Avoir le droit d’enregistrer sur le disque dur interne d’un micro-ordinateur des copies numériques d’œuvres multimédias – que cela soit de la musique, des films, des jeux vidéo, des livres numériques ou encore des images – fera-t-il l’objet en 2022 d’une taxe lors de l’achat d’un nouvel équipement (PC portable, PC de bureau ou disque dur interne vendu séparément) ? Cette année devrait être décisive, puisque la commission « pour la rémunération de la copie privée » – rattachée au ministère de la Culture (1) – est censée analyser les résultats inédits d’une étude d’usage que l’institut de sondage CSA a finalisée et remise en octobre 2021.

Dossier sensible pour Thomas Andrieu
Le problème est que cette commission « copie privée » a beau avoir un nouveau président depuis le 6 novembre dernier (2), en la personne de Thomas Andrieu (photo), conseiller d’Etat, elle ne peut reprendre ses travaux tant que ses autres membres ne sont pas nommés eux aussi. « Nous réunirons la commission une fois que l’arrêté de sa nouvelle composition – pas encore signé à ma connaissance [au 27 janvier, ndlr] – sera publié au Journal Officiel », indiquait il à Edition Multimédi@. Les mandats sont d’une durée de trois ans : celui du précédent président, Jean Musitelli, s’est achevé fin septembre, tandis que ceux des vingt-quatre membres (représentant les fabricants et importateurs de supports, les consommateurs et ayants droit) se sont arrêtés fin novembre (3). « Cette désignation relève de la compétence des ministères en charge de la Culture, de l’Economie et de la Consommation. Elle est indispensable pour que la commission [copie privée] puisse poursuivre ses travaux, et notamment procéder à l’analyse des résultats des études d’usages des pratiques de copie privée sur les microordinateurs », s’est impatientée la Société civile des producteurs phonographiques (SCPP), le 18 janvier à l’occasion de son bilan annuel (4).

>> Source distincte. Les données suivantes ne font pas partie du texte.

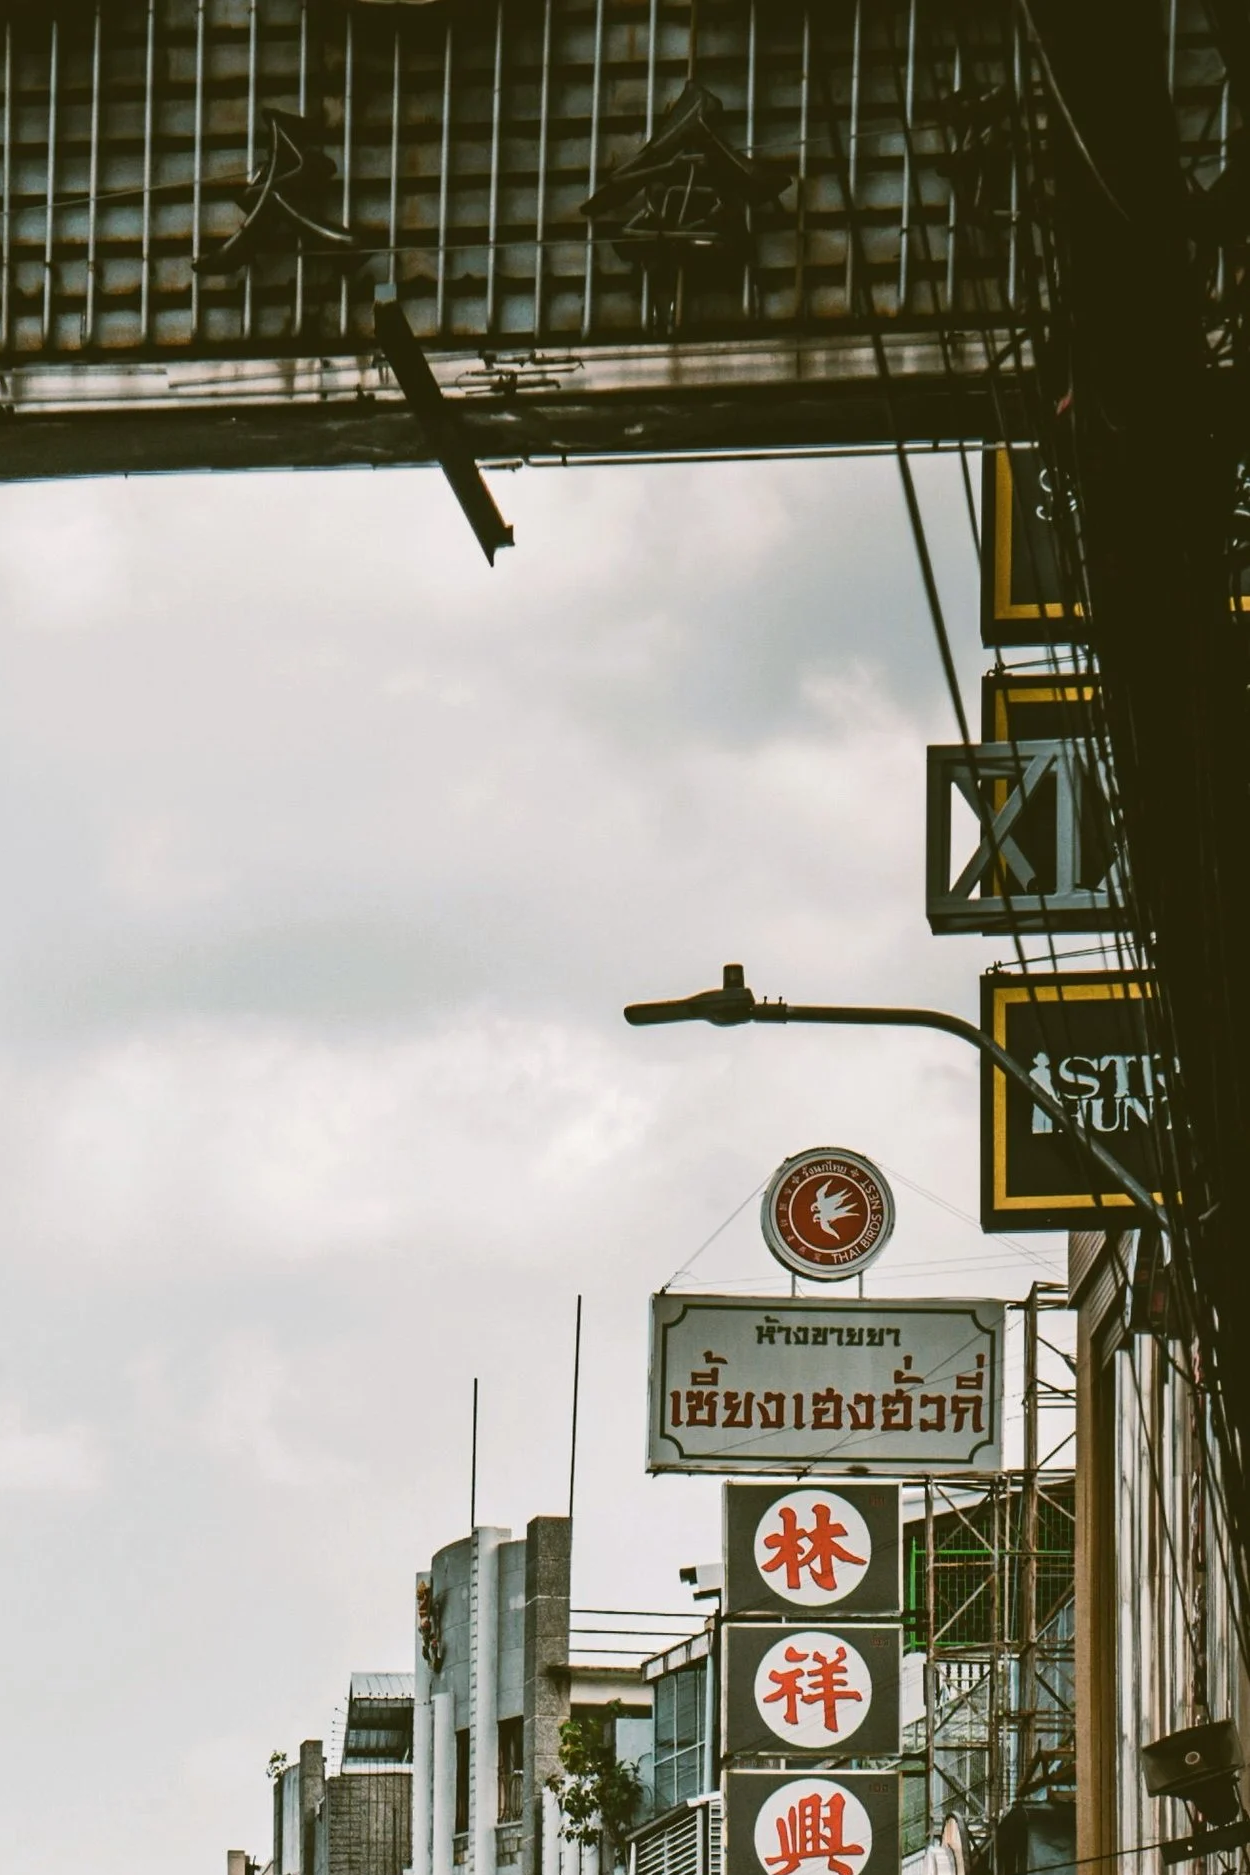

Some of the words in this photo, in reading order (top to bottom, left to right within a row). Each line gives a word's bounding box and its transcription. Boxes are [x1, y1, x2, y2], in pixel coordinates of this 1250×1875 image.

Elle est membre de Copie France, l’unique organisme français mandaté pour collecter la redevance pour la copie privée (5) et occupant pas moins de dix sièges au sein de la commission « copie privé ». Celle-ci fixe les barèmes des taxes sur les appareils high-tech dotés d’un support de stockage numérique (smartphones, tablettes, disques de sauvegarde externe, clés USB, box, etc.). Cette « redevance pour rémunération de la copie privée », présentée comme une contrepartie au droit des utilisateurs d’enregistrer des œuvres et de les partager dans un cercle restreint (entendez « familial »), s’applique au nouveaux appareils vendus (montant pouvant atteindre plusieurs dizaines d’euros en fonction de la capacité de stockage). Prochains sur la liste : les micro-ordinateurs. Cela fait près de trois ans que la commission « copie privée » prépare le terrain à cette taxation des ordinateurs personnels (portables ou fixes) et des disques durs internes vendus « nus » : c’est-à-dire pouvant être installés à l’intérieur d’un PC, d’un Mac, d’une box ou d’un boîtier NAS (6).
Mais, fraîchement nommé par Roselyne Bachelot (ministre de la Culture) et Bruno Le Maire (ministre de l’Economie, des Finances et de la Relance), Thomas Andrieu (45 ans) se retrouve avec ce dossier sensible politiquement. Car, contrairement à l’Allemagne, à l’Italie et aux Pays-Bas qui assujettissent depuis quelques années les micro-ordinateurs de leurs compatriotes, la France, elle, n’a encore jamais franchi le pas. Aucun des gouvernements français qui se sont succédés ne se sont risqués à étendre cette redevance « copie privée » aux ordinateurs des Français. Non seulement cela serait malvenu au moment où l’on incite les foyers à s’équiper d’un ordinateur personnel – voire familial – pour faire les démarches administratives en ligne, télétravailler en période de crise sanitaire ou encore permettre aux enfants de suivre l’école en distanciel. De plus, alors que l’élection présidentielle est programmée pour les 10 et 24 avril prochains et que les législatives suivront les 12 juin et 19 juin, une telle taxe ne serait pas vraiment perçue comme populaire auprès de l’électorat… Pas sûr non plus que l’actuel chef d’Etat Emmanuel Macron – donné partant pour un second mandat et ancien ministre de l’Economie, de l’Industrie et… du Numérique (2014-2016) – donne son aval à une mesure qui grèverait le pouvoir d’achat des Français. Sans parler de la lutte contre la fracture numérique…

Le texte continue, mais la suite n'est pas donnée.